4. Chloroprenkautschuklatex nach einem der Ansprüche 1 bis 3, wobei das Polymer, das in dem Chloroprenkautschuklatex enthalten ist, ein Copolymer von einem Chloroprenmonomer und einem Vinylmonomer, das eine Carboxylgruppe enthält, ist.

5. Chloroprenkautschuklatex nach einem der Ansprüche 1 bis 4, wobei der Chloroprenkautschuklatex ein emulgierendes und dispergierendes Mittel zum Erzielen von Latexstabilität enthält.

6. Chloroprenkautschuklatex nach Anspruch 5, wobei das emulgierende und dispergierende Mittel zum Erzielen von Latexstabilität ein wasserlösliches Salz einer Alkyldiphenyletherdisulfonsäure ist.

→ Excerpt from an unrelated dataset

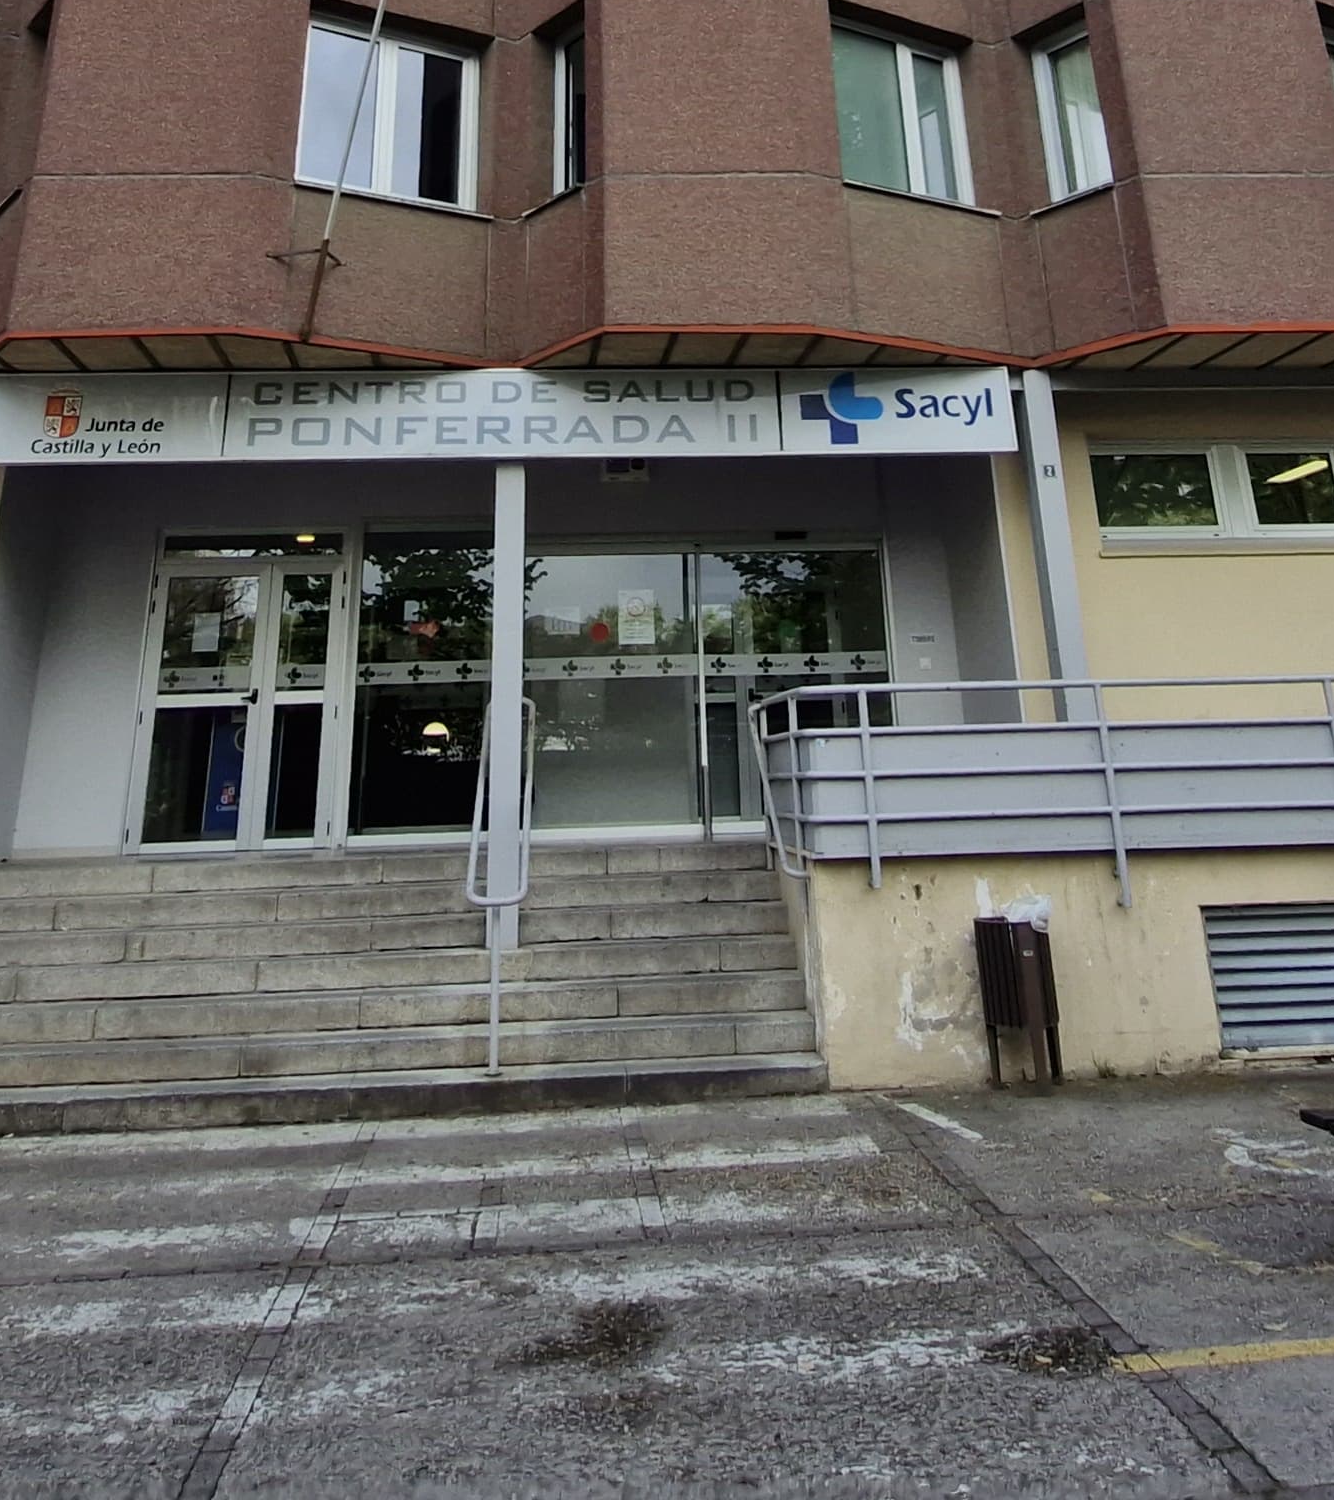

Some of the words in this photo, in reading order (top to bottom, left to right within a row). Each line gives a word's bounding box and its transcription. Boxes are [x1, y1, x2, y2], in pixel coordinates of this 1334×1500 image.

7. Verfahren zur Herstellung eines Chloroprenkautschuklatex nach Anspruch 1, umfassend Polymerisation von 100 Gewichtsteilen Gesamtmonomer bei 90 bis 99,9 Gewichtsteilen eines Chloroprenmonomers und 0,1 bis 10 Gewichtsteilen eines Vinylmonomers, das eine Carboxylgruppe enthält, in Gegenwart von 0,5 bis 10 Gewichtsteilen eines wasserlöslichen Salzes der Alkyldiphenyletherdisulfonsäure und 0,1 bis 3,0 Gewichtsteilen n-Dodecylmercaptan bei 0ºC bis 80ºC bis eine Umsetzung der Monomere von 60 bis 100% erreicht ist.

8. Klebstoffzusammensetzung, umfassend 100 Gewichtsteile eines Chloroprenkautschuklatex nach Anspruch 1, 10 bis 80 Gewichtsteile eines Klebrigmachers und 1 bis 5 Gewichtsteile eines Metalloxids oder Metallhydroxids.

9. Klebstoffzusammensetzung nach Anspruch 8, wobei der Klebrigmacher mindestens ein Klebrigmacher ausgewählt aus Phenolharzen, Terpenharzen, Harzen, die sich von Kolophonium ableiten, und auf Petroleum basierenden Kohlenwasserstoffen ist.